Because each treatment corresponds to a different number of cells, we will use a bootstrap approach to identify indices that are significantly different between conditions. we will bootstrap 2000 cells from the selected bins, then check which bin contains at least 2 times more cells in the reference compared to other treatments. This operation will be repeated 400 times, and any bin that is consistently different in 380 bins will be considered significant.
library(abind)
boot.mat <- lapply(seq(1,N),function(x) {
if (x%/%100==x/100) cat(x,'\n')
# bootstrap hilbert indices
cur.boot <- sample(which(hc %in% boot.ind),
size=ncells,
replace=TRUE)
return(table(factor(hc[cur.boot],levels=boot.ind),
droplevels(fullAnnots[cur.boot,'Treatment'])))
}
)
## 100
## 200
## 300
## 400
boot.mat <- abind(boot.mat,along=3)
boot.log <- log2(boot.mat)
boot.fold <- sweep(boot.log[,-1,],c(1,3),boot.log[,1,])
boot.sign <- sign(boot.fold)
boot.sign[abs(boot.fold)<log2(flim)] <- 0
boot.res <- apply(boot.sign,c(1,2),function(x) table(sign(x))[c('-1','0','1')])
boot.res <- aperm(boot.res,c(2,1,3))
boot.res[is.na(boot.res)] <- 0
dimnames(boot.res)[[2]] <- c('-1','0','1')
After the analysis, the following number of bins are found significant:
sig.res <- apply(boot.res[,c('-1','1'),]>(N*p),c(1,3),any)
sum.sig.res <- cbind(colSums(sig.res),
colSums(treatment.table[boot.ind[rowSums(sig.res)>0],colnames(sig.res)]))
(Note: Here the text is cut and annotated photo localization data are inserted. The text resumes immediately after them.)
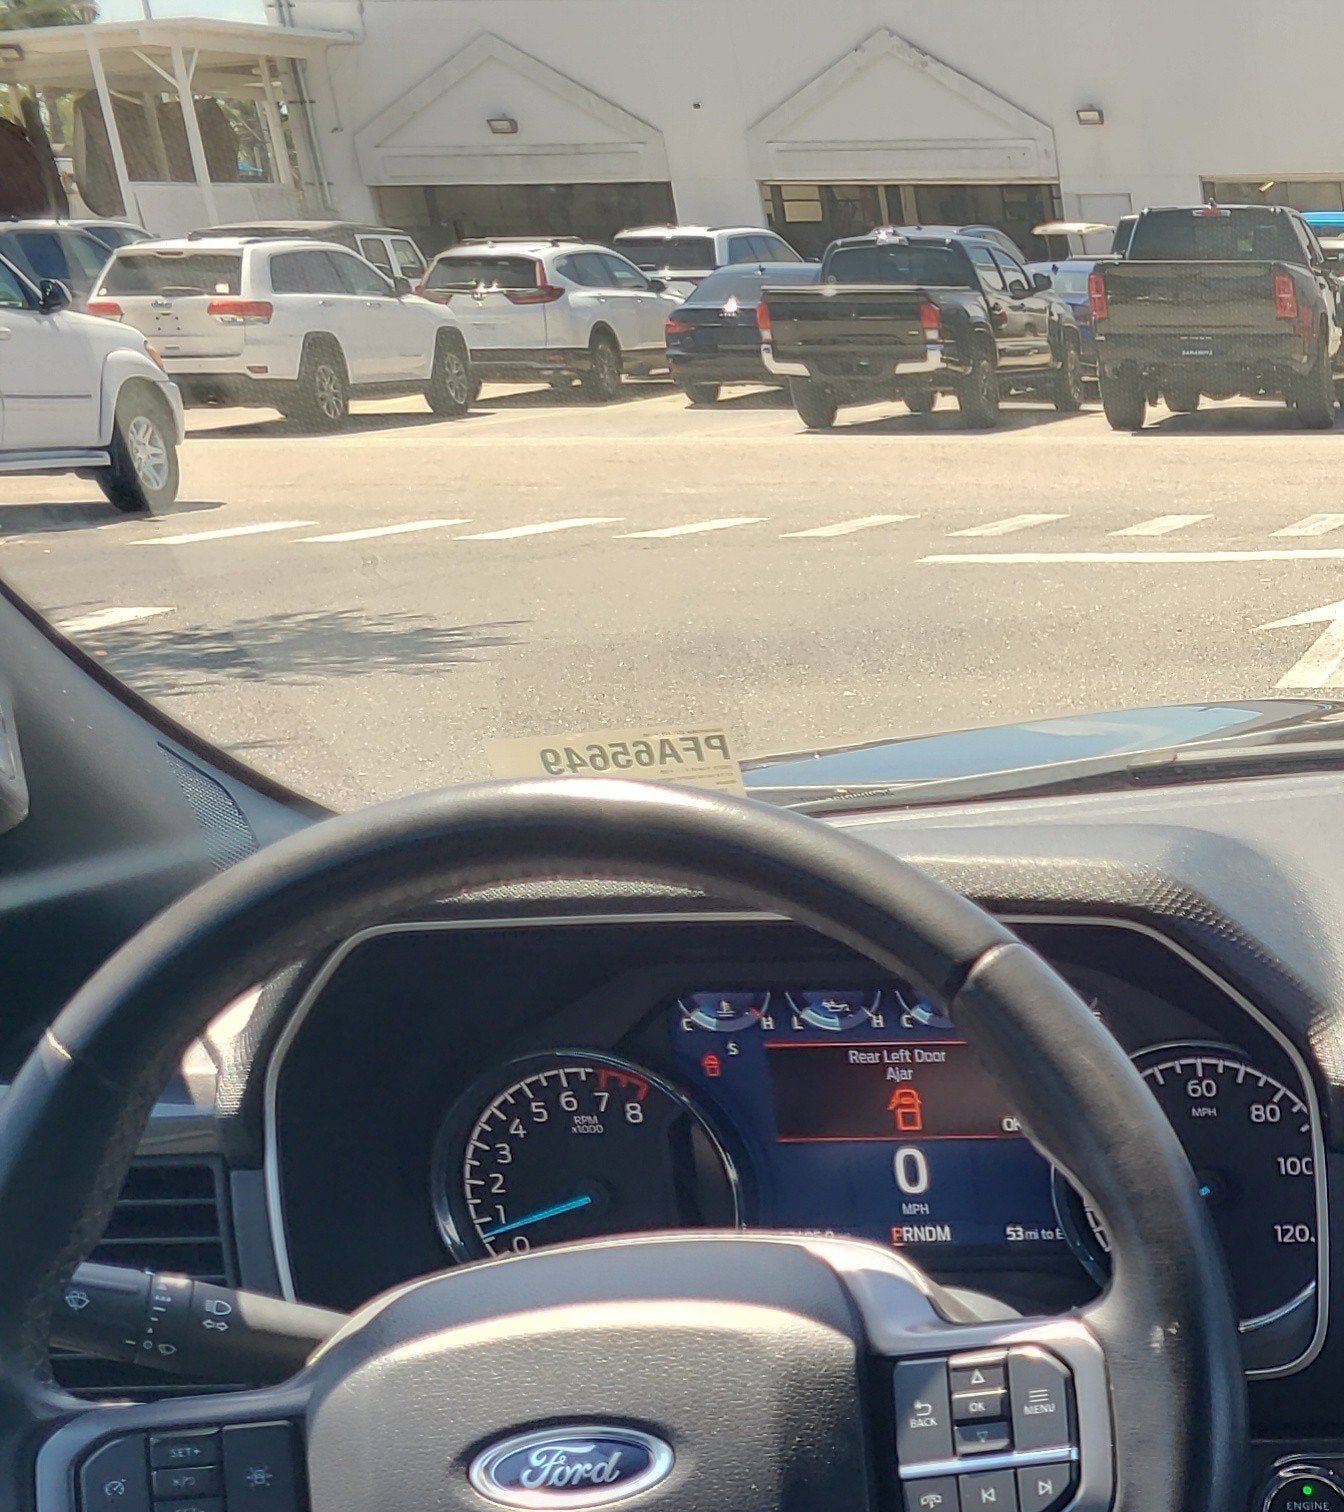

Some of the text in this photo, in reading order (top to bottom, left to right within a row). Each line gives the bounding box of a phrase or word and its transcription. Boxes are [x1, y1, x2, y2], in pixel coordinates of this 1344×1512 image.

[849, 1049, 946, 1064] Rear Left Door
[886, 1067, 913, 1082] Ajar
[1187, 1080, 1217, 1097] 60
[560, 1091, 578, 1111] 6
[593, 1092, 609, 1112] 7
[530, 1102, 548, 1123] 5
[574, 1115, 599, 1125] RPM
[625, 1102, 643, 1123] 8
[1191, 1107, 1217, 1117] MPH
[1250, 1103, 1281, 1123] 80
[509, 1118, 527, 1138] 4
[495, 1144, 512, 1163] 3
[894, 1147, 928, 1194] 0
[489, 1173, 506, 1193] 2
[494, 1205, 506, 1224] 1
[902, 1203, 929, 1215] MPH
[1006, 1226, 1024, 1240] 53
[1025, 1228, 1039, 1240] mi
[1040, 1228, 1054, 1240] to
[1274, 1224, 1309, 1243] 120
[969, 1402, 985, 1413] OK
[1023, 1403, 1056, 1415] MENU
[910, 1417, 938, 1429] BACK
[520, 1443, 622, 1488] Ford
[1286, 1502, 1330, 1511] ENGINE
p.cells.sig.res <- lapply(colnames(sig.res),
function(cur.cl) {
x <- treatment.table[boot.ind,cur.cl]
return(sum(x[sig.res[,cur.cl]])/sum(x))
}
)
names(p.cells.sig.res) <- colnames(sig.res)
sum.sig.res <- cbind(sum.sig.res,
round(100*unlist(p.cells.sig.res),0))
colnames(sum.sig.res) <- c('Number of indices',
'Number of Significant cells',
'Percent Significant Cells')
kable(sum.sig.res)
Number of indices | Number of Significant cells | Percent Significant Cells | |
---|---|---|---|
BCR/FcR-XL | 3 | 5817 | 1 |
PMA/Ionomycin | 46 | 3999 | 45 |
vanadate | 47 | 1774 | 30 |
Focusing on BCR/FcR-XL, which are the 3 indices that were found significant?
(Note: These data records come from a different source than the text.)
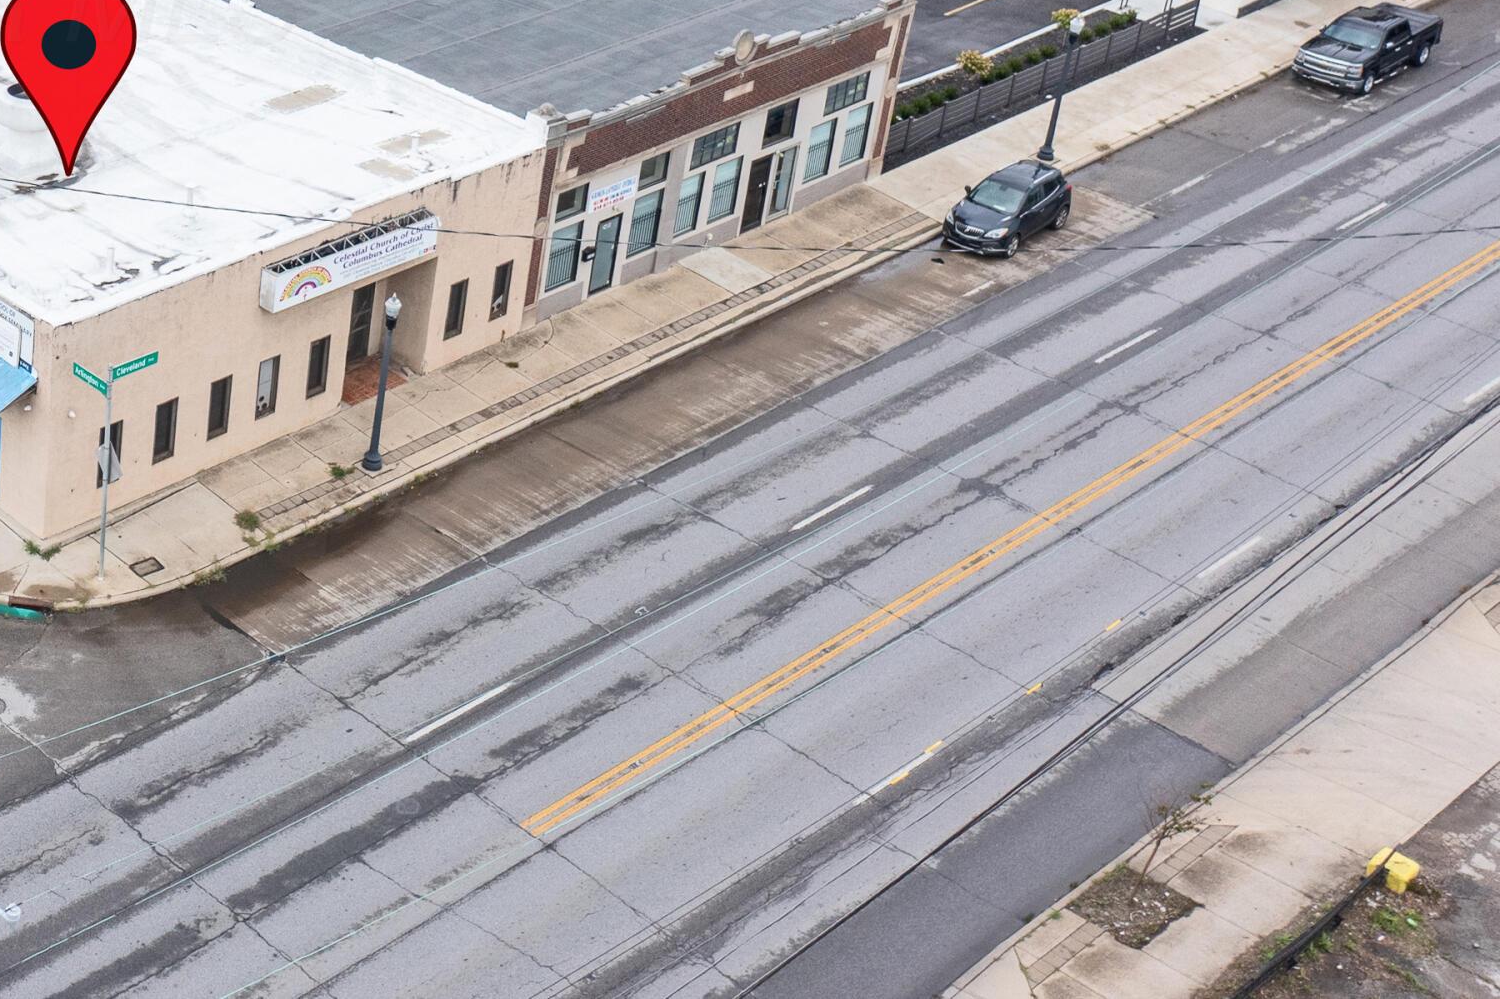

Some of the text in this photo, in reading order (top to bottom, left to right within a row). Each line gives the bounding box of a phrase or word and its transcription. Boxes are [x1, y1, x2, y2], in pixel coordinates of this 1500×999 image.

[333, 222, 434, 265] Celestial Church of Christ
[343, 250, 383, 269] Columbus
[385, 233, 423, 254] Cathedral
[75, 366, 100, 388] Arlington
[116, 358, 146, 377] Cleveland
[82, 671, 103, 682] BLD
reference | BCR/FcR-XL | PMA/Ionomycin | vanadate | |
---|---|---|---|---|
2098176 | 1 | 97 | 32 | 0 |
4194304 | 69 | 3 | 7 | 13 |
6291455 | 198 | 14 | 23 | 48 |
Compared to the unstimulated sample, cells are decreasing in 2 bins and increasing in a 3rd one. Based on manual gating, what do these bins correspond to?
cur.treatment <- 'BCR/FcR-XL'
sig.cells <- with(fullAnnots,table(droplevels(Cells[hc %in% boot.ind[sig.res[,cur.treatment]]])))
total.sig.cells <- with(fullAnnots,table(droplevels(Cells[Cells %in% names(sig.cells) &
hc %in% boot.ind])))
treatment.sig.cells <- with(fullAnnots,
table(droplevels(Cells[hc %in% boot.ind[sig.res[,cur.treatment]] &
Treatment==cur.treatment])))
treatment.total.cells <- with(fullAnnots,
table(droplevels(Cells[Cells %in% names(sig.cells) &
hc %in% boot.ind &
Treatment==cur.treatment])))
sum.sig.cells <- cbind(sig.cells,
total.sig.cells,
round(100*sig.cells/total.sig.cells),
treatment.sig.cells,
treatment.total.cells,
round(100*treatment.sig.cells/treatment.total.cells))
colnames(sum.sig.cells) <- c('Number of Significant Cells',
'Total number of Cells',
'Percent of Total',
paste('Number of Signigicant Cells in',cur.treatment),
paste('Number of Cells in',cur.treatment),
paste('Percent of',cur.treatment))
kable(sum.sig.cells)
Number of Significant Cells | Total number of Cells | Percent of Total | Number of Signigicant Cells in BCR/FcR-XL | Number of Cells in BCR/FcR-XL | Percent of BCR/FcR-XL | |
---|---|---|---|---|---|---|
igm- | 30 | 288 | 10 | 23 | 119 | 19 |
igm+ | 475 | 1373 | 35 | 91 | 320 | 28 |
All the cells that are found significant are B cells, and they represent a large fraction of all B cells in the BCR/FcR-XL sample, even when only taking the bootstrapped indices into account.